REVIEWED BY DOUG GREENE:

   

DOROTHY SIMPSON – The Night She Died. Inspecto Luke Thanet #1. Scribners, US, hardcover, 1981. Bantam, US, paperback, 1985. Originally published in the UK by Michael Joseph, hardcover, 1981.

   Dorothy Simpson’s Inspector Luke Thanet is a recent addition to the sympathetic-British-policeman school of detective fiction. Thus the book is somewhat derivative – Simpson has obviously read Aird, Rendell, and Thompson. – but she handles plot and character well. Especially engaging is her contrast between Thanet’s happy family life and the unhappiness of the suspects.

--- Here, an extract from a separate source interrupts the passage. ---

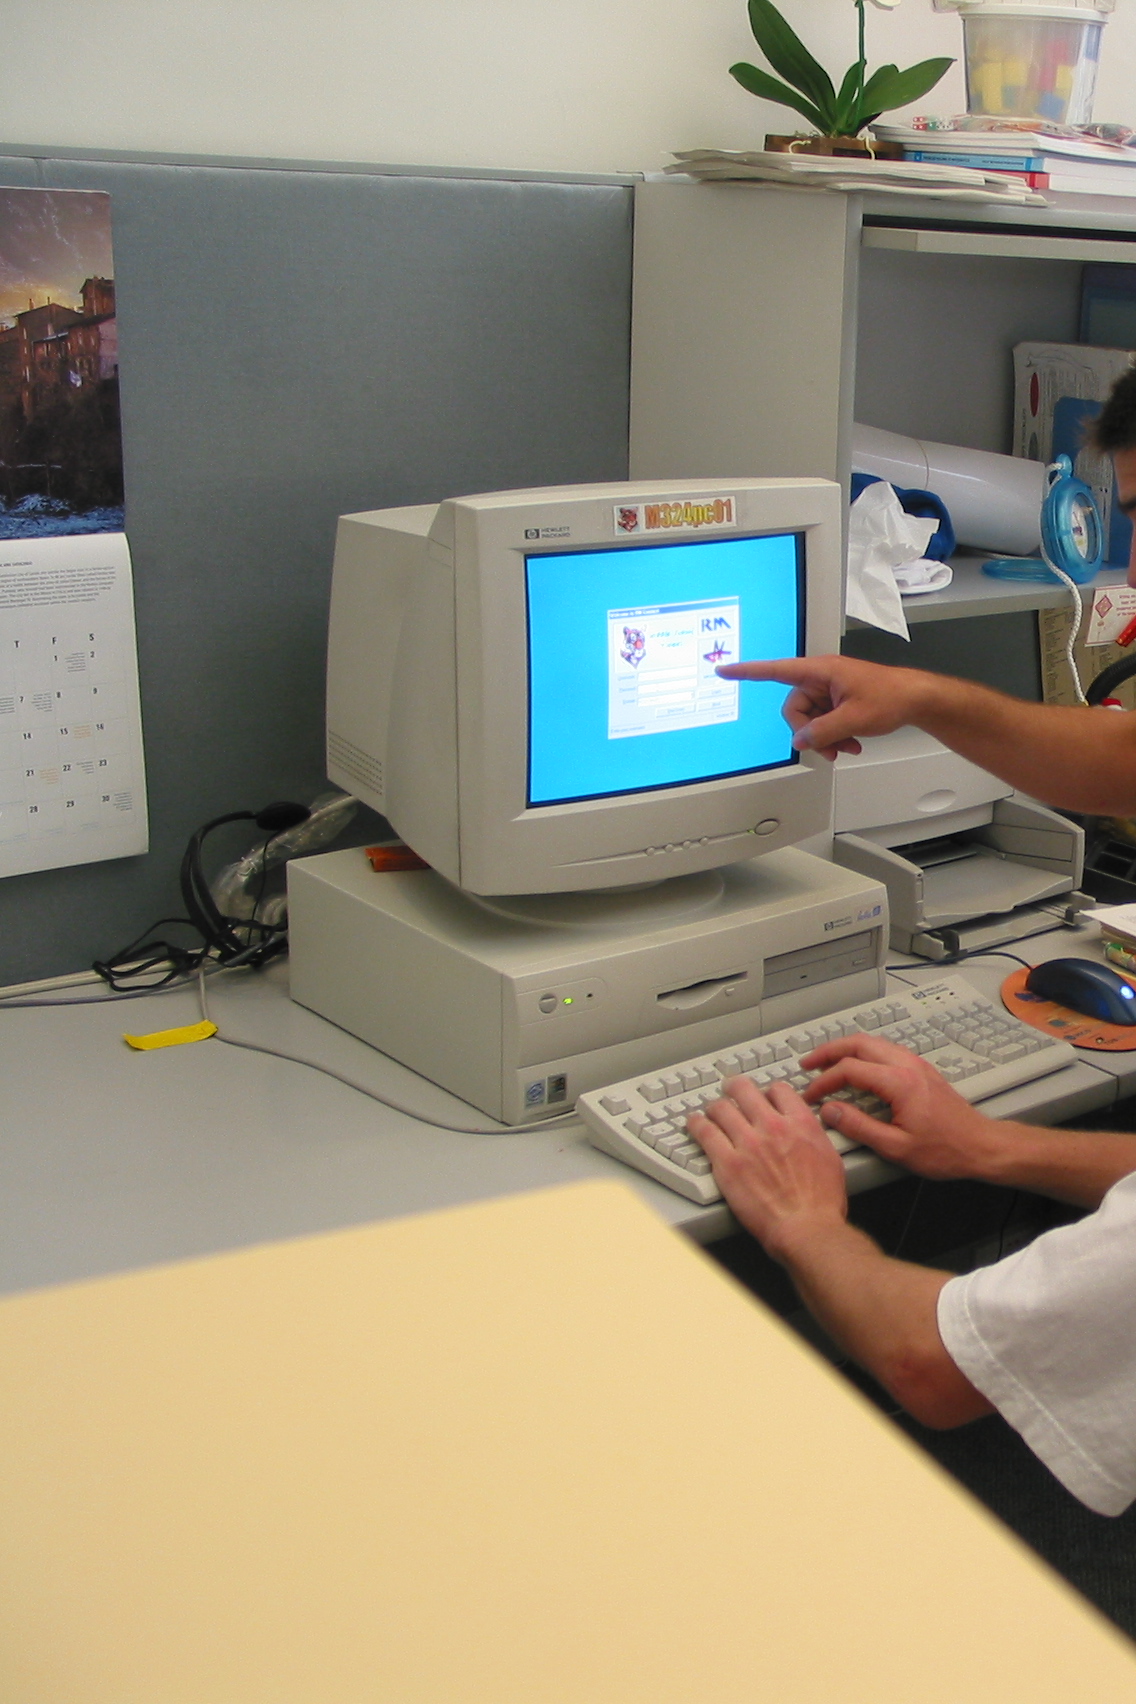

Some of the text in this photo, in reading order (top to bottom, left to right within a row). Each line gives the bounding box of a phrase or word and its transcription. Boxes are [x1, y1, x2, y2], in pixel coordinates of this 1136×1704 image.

[644, 498, 732, 529] M324pc01
[701, 617, 731, 632] RM
[14, 633, 94, 648] T F S

   The plot is about a young woman stabbed to death at her doorstep. It seems obvious that either her husband or her lecherous employer is responsible, but Thanet digs deeper to discover that the victim had witnessed a murder as a child twenty years earlier. Thanet believes that the two murders may be related.

   The solution, which is not revealed until the very end, is generally satisfactory, though it might have been explained more fully. Nonetheless Dorothy Simpson is a writer to watch.

– Reprinted from The Poison Pen, Volume 4, Number 5/6 (December 1981). Permission granted by Doug Greene.

   

Editorial Update: Doug knew well of which he spoke. There are in total 15 books in the series.